Only the pictures stay out; please return all the entries below exactly as written.
***** Excerpted records
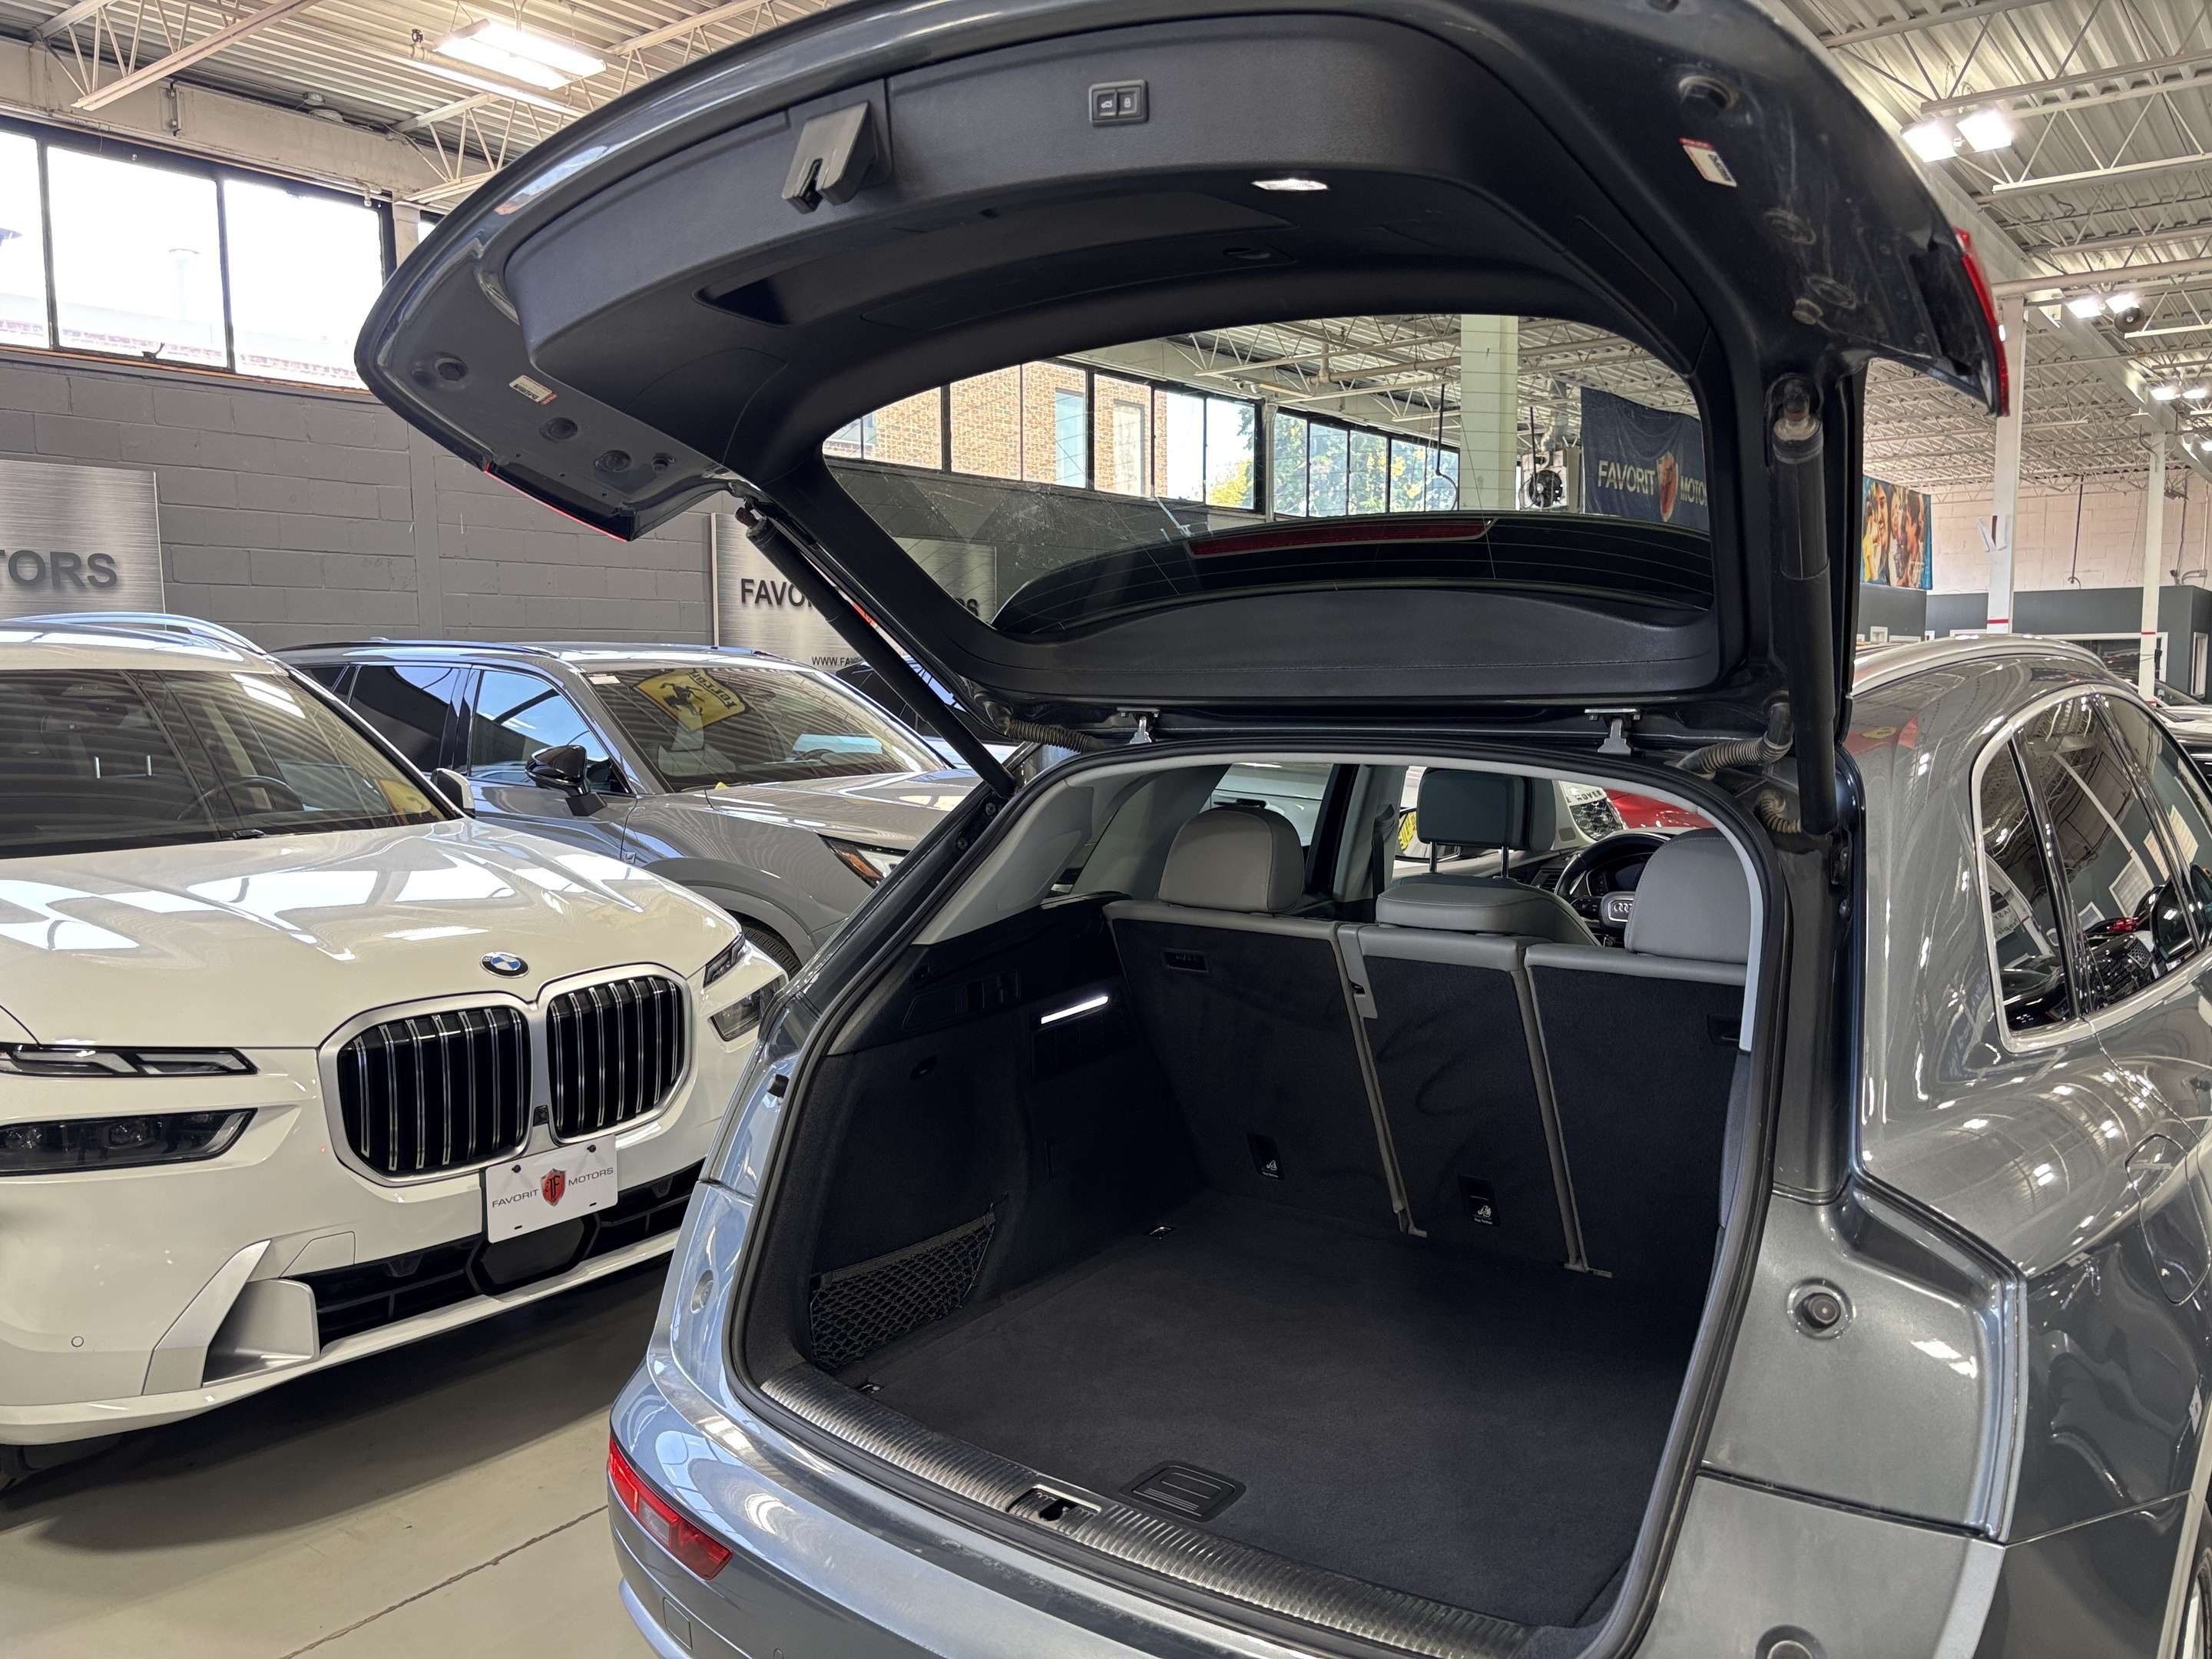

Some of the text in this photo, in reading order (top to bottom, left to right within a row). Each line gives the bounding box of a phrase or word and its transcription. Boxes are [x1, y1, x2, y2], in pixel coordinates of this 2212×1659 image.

[1598, 460, 1707, 508] FAVORIT MOTO
[0, 547, 118, 590] ORS
[740, 578, 812, 608] FAVO
[492, 1188, 539, 1208] FAVORIT
[568, 1167, 614, 1187] MOTORS
**********
Written answer =>
Some of the text in this photo, in reading order (top to bottom, left to right within a row). Each line gives the bounding box of a phrase or word and its transcription. Boxes are [x1, y1, x2, y2], in pixel coordinates of this 2212×1659 image.

[1598, 460, 1707, 508] FAVORIT MOTO
[0, 547, 118, 590] ORS
[740, 578, 812, 608] FAVO
[492, 1188, 539, 1208] FAVORIT
[568, 1167, 614, 1187] MOTORS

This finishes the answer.